[llvm] r331992 - [x86] fix fmaxnum/fminnum with nnan
Sanjay Patel via llvm-commits
llvm-commits at lists.llvm.org
Thu May 10 08:40:49 PDT 2018
Author: spatel
Date: Thu May 10 08:40:49 2018
New Revision: 331992
URL: http://llvm.org/viewvc/llvm-project?rev=331992&view=rev
Log:
[x86] fix fmaxnum/fminnum with nnan
With nnan, there's no need for the masked merge / blend
sequence (that probably costs much more than the min/max
instruction).
Somewhere between clang 5.0 and 6.0, we started producing
these intrinsics for fmax()/fmin() in C source instead of
libcalls or fcmp/select. The backend wasn't prepared for
that, so we regressed perf in those cases.
Note: it's possible that other targets have similar problems
as seen here.
Noticed while investigating PR37403 and related bugs:
https://bugs.llvm.org/show_bug.cgi?id=37403
The IR FMF propagation cases still don't work.
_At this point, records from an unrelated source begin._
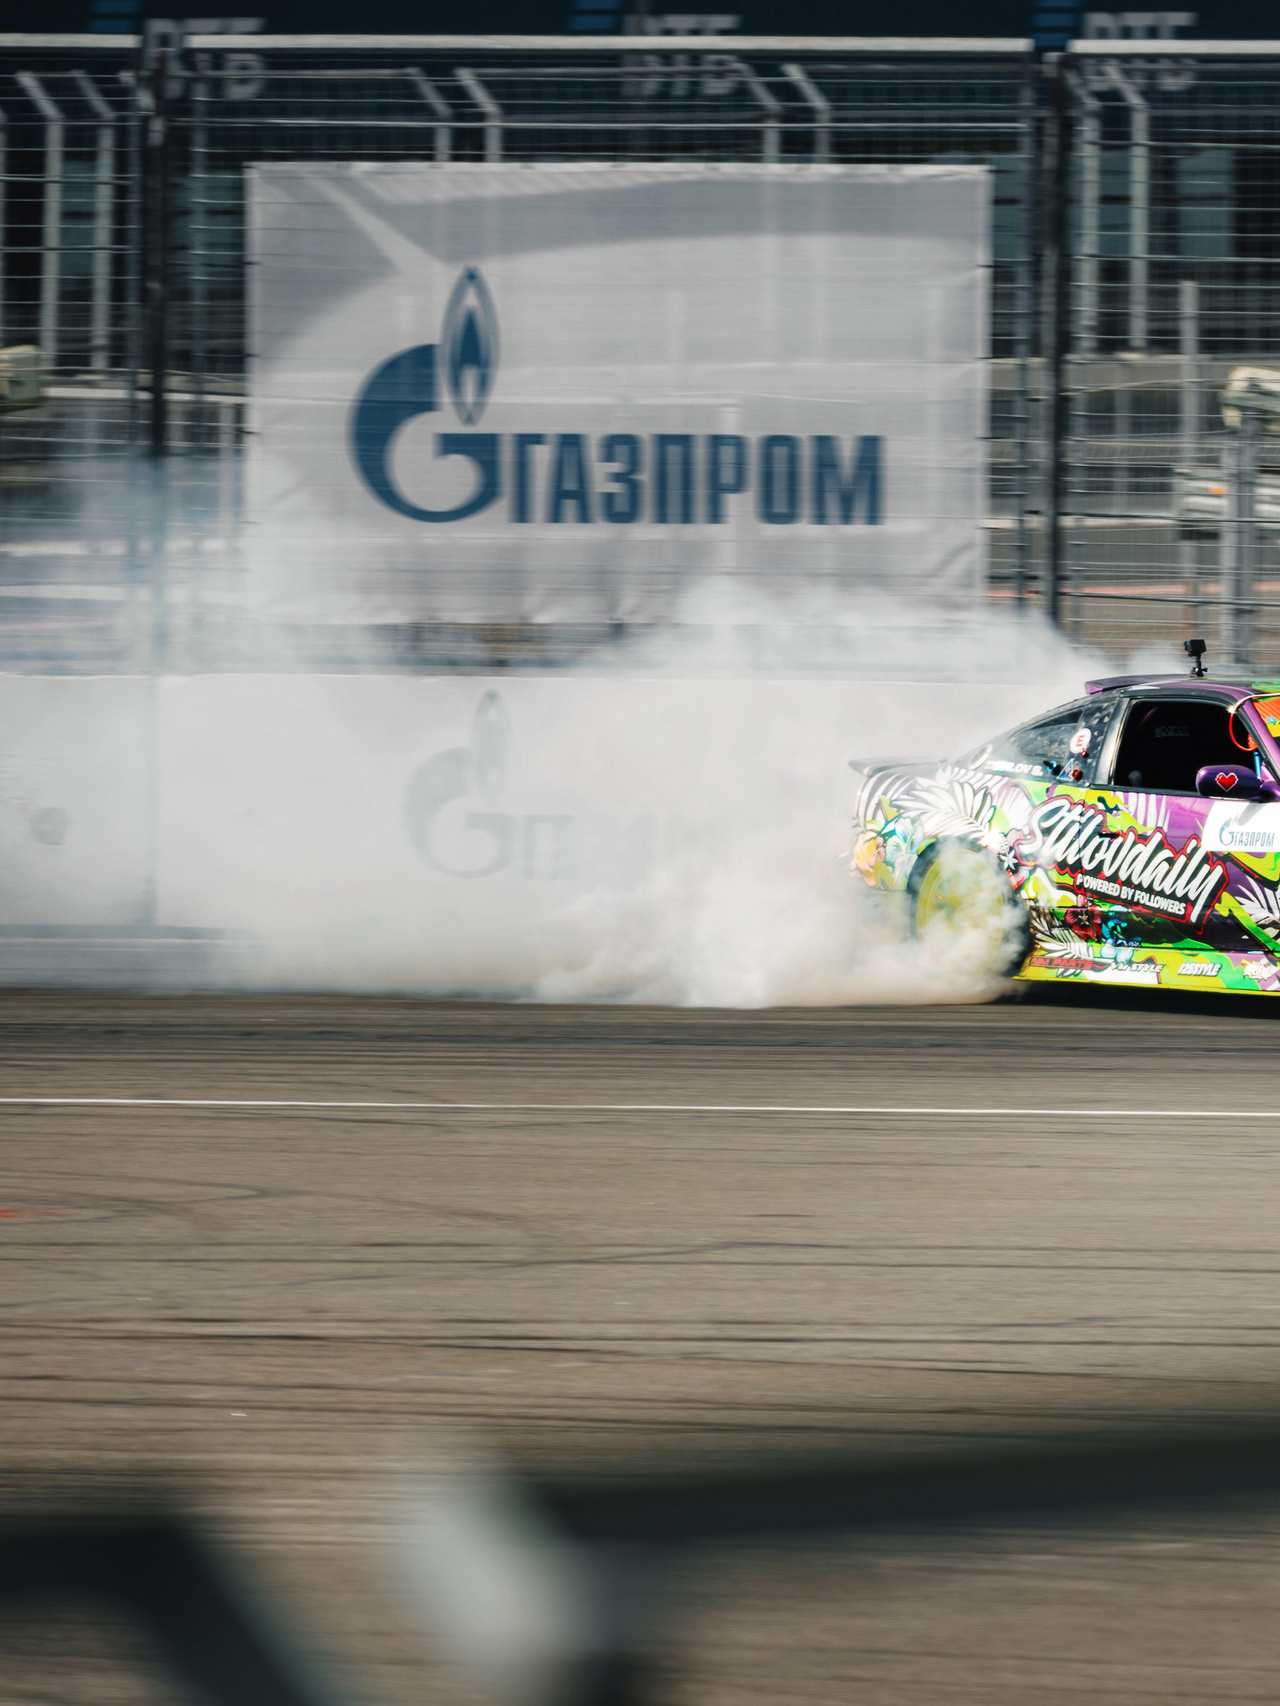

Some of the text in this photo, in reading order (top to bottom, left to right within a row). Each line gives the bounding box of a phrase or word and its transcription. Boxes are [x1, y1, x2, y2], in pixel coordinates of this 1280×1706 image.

[506, 433, 887, 526] ГАЗПРОМ
[1234, 831, 1276, 848] ГАЗПРОМ
[1019, 798, 1224, 924] Stilovdaily
[1076, 873, 1187, 915] POWERED BY FOLLOWERS
[1052, 958, 1093, 969] PARTS
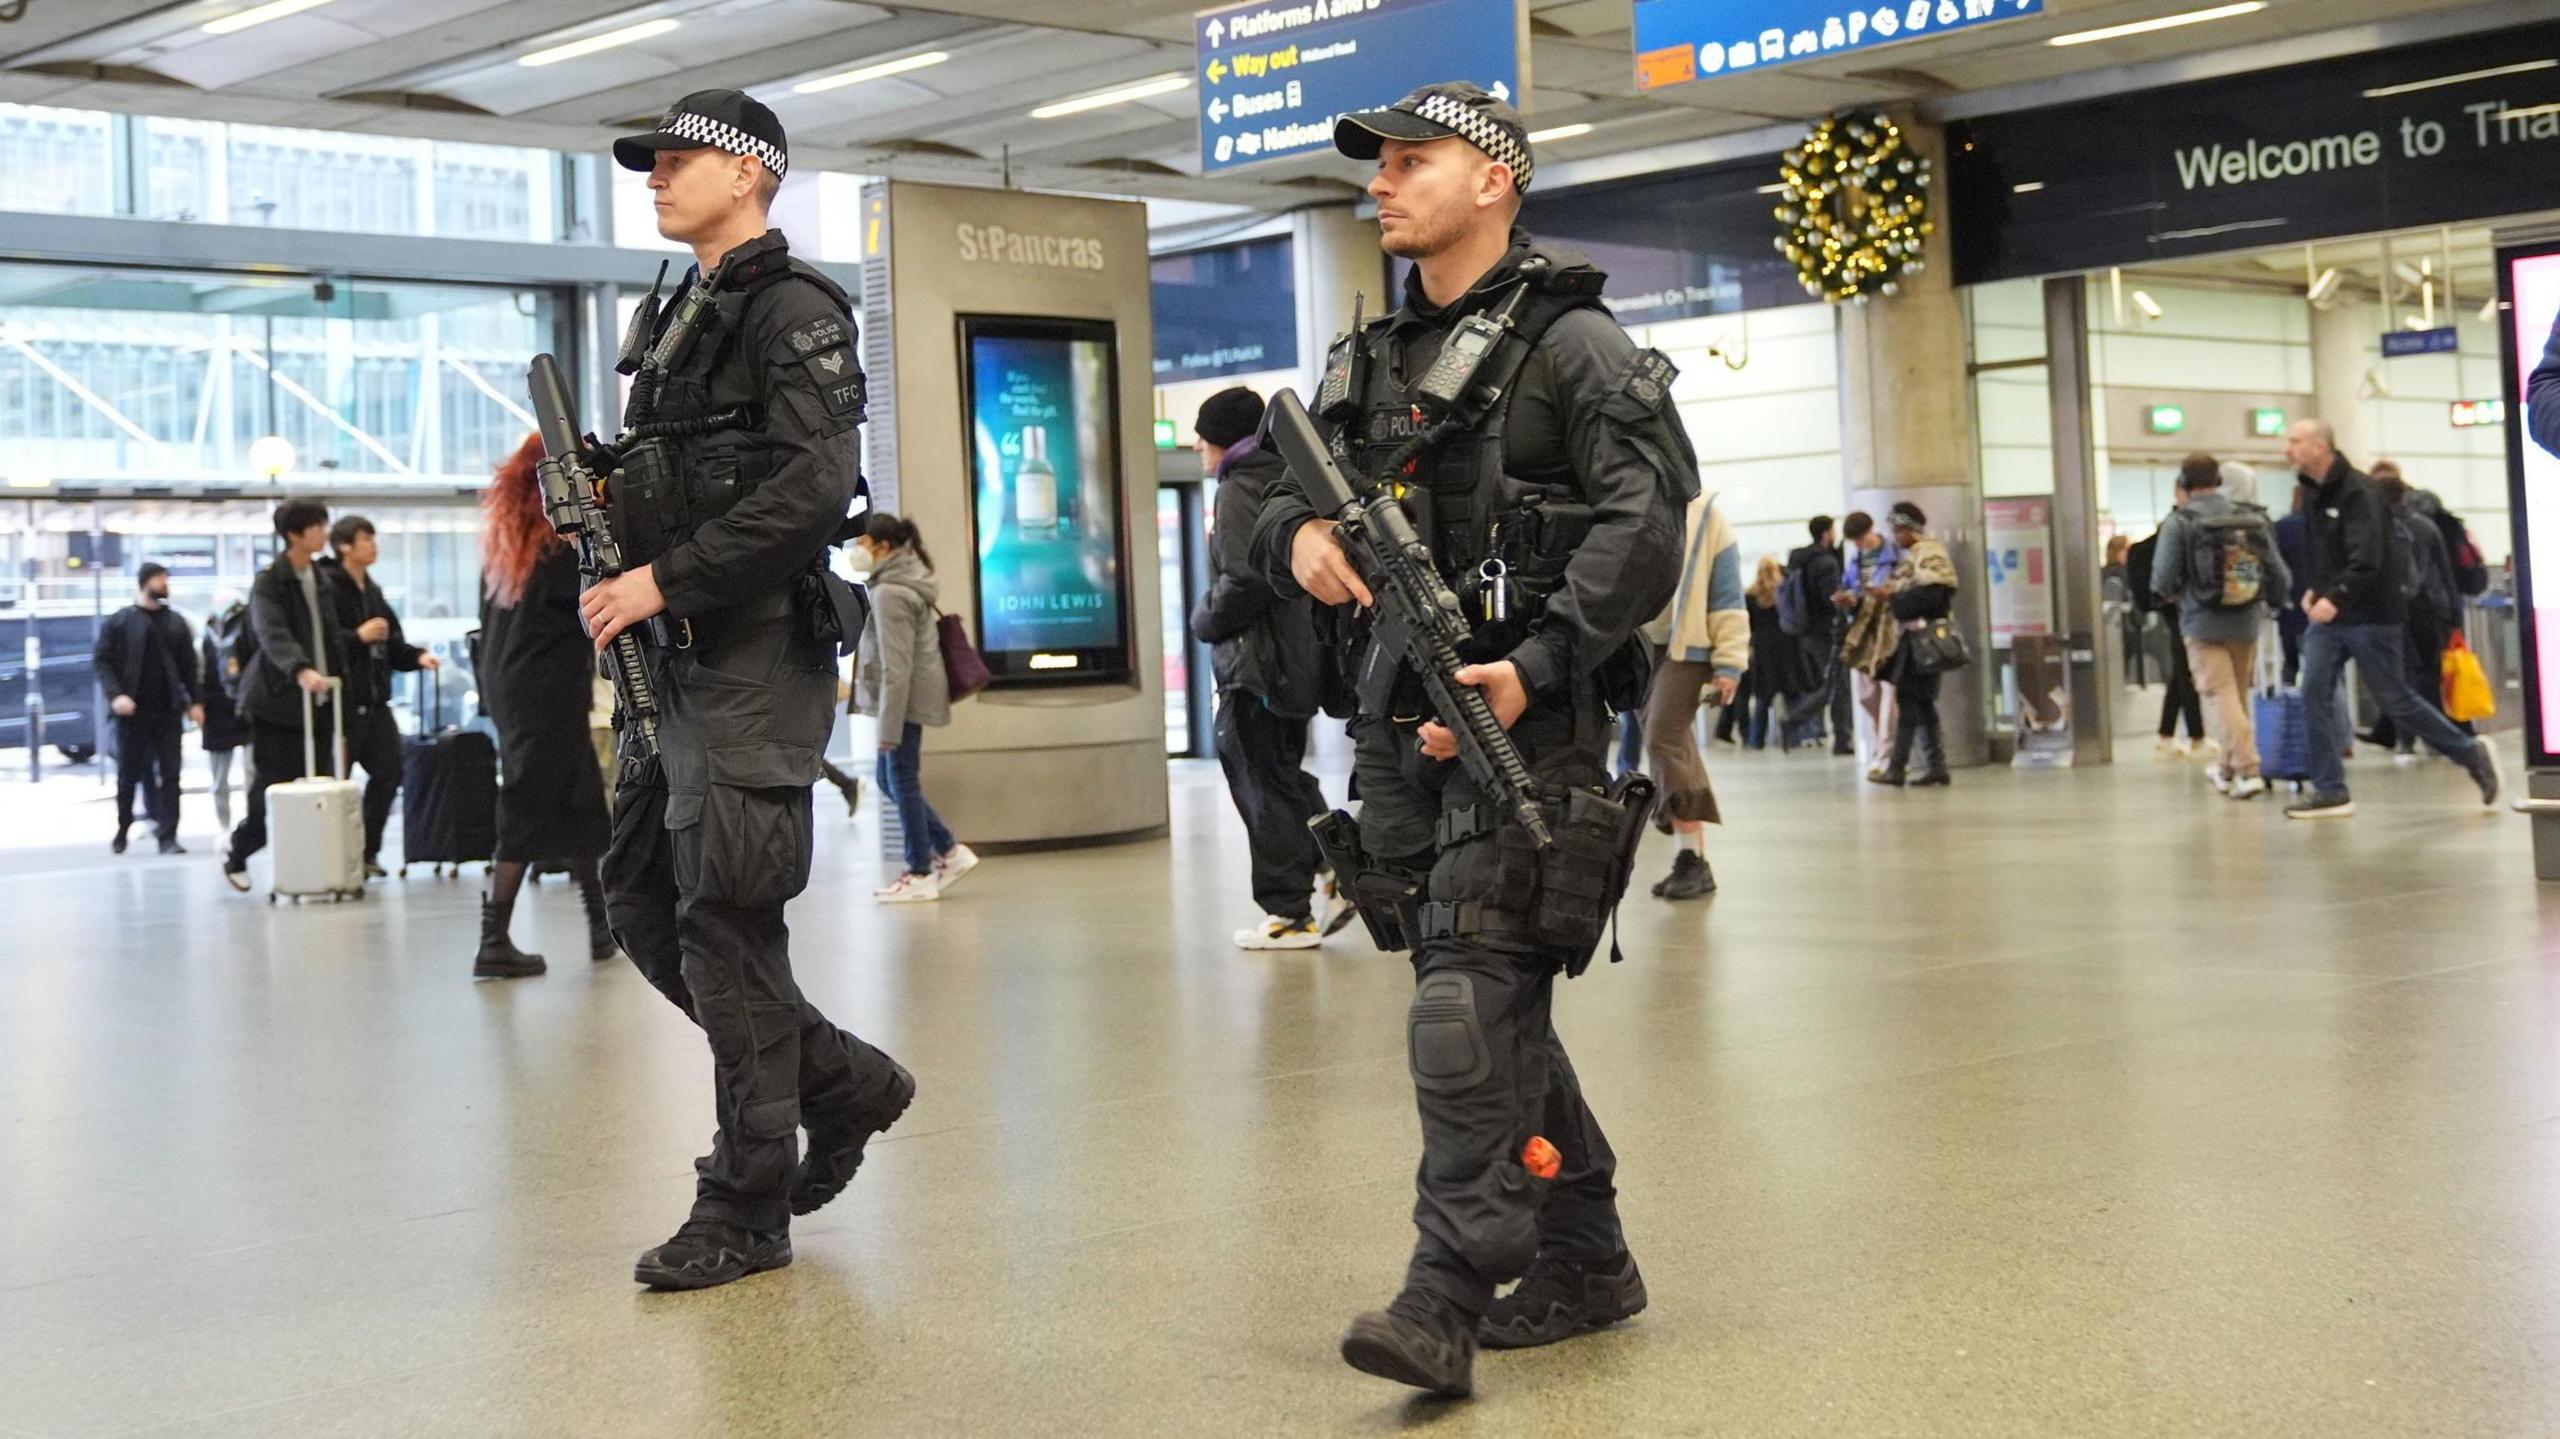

There's
a proposal that might fix those cases in D46563.
Modified:
llvm/trunk/lib/Target/X86/X86ISelLowering.cpp
llvm/trunk/test/CodeGen/X86/fmaxnum.ll
llvm/trunk/test/CodeGen/X86/fminnum.ll
Modified: llvm/trunk/lib/Target/X86/X86ISelLowering.cpp
URL: http://llvm.org/viewvc/llvm-project/llvm/trunk/lib/Target/X86/X86ISelLowering.cpp?rev=331992&r1=331991&r2=331992&view=diff
==============================================================================
--- llvm/trunk/lib/Target/X86/X86ISelLowering.cpp (original)
+++ llvm/trunk/lib/Target/X86/X86ISelLowering.cpp Thu May 10 08:40:49 2018
@@ -36364,8 +36364,6 @@ static SDValue combineFMinNumFMaxNum(SDN
if (Subtarget.useSoftFloat())
return SDValue();
- // TODO: Check for global or instruction-level "nnan". In that case, we
- // should be able to lower to FMAX/FMIN alone.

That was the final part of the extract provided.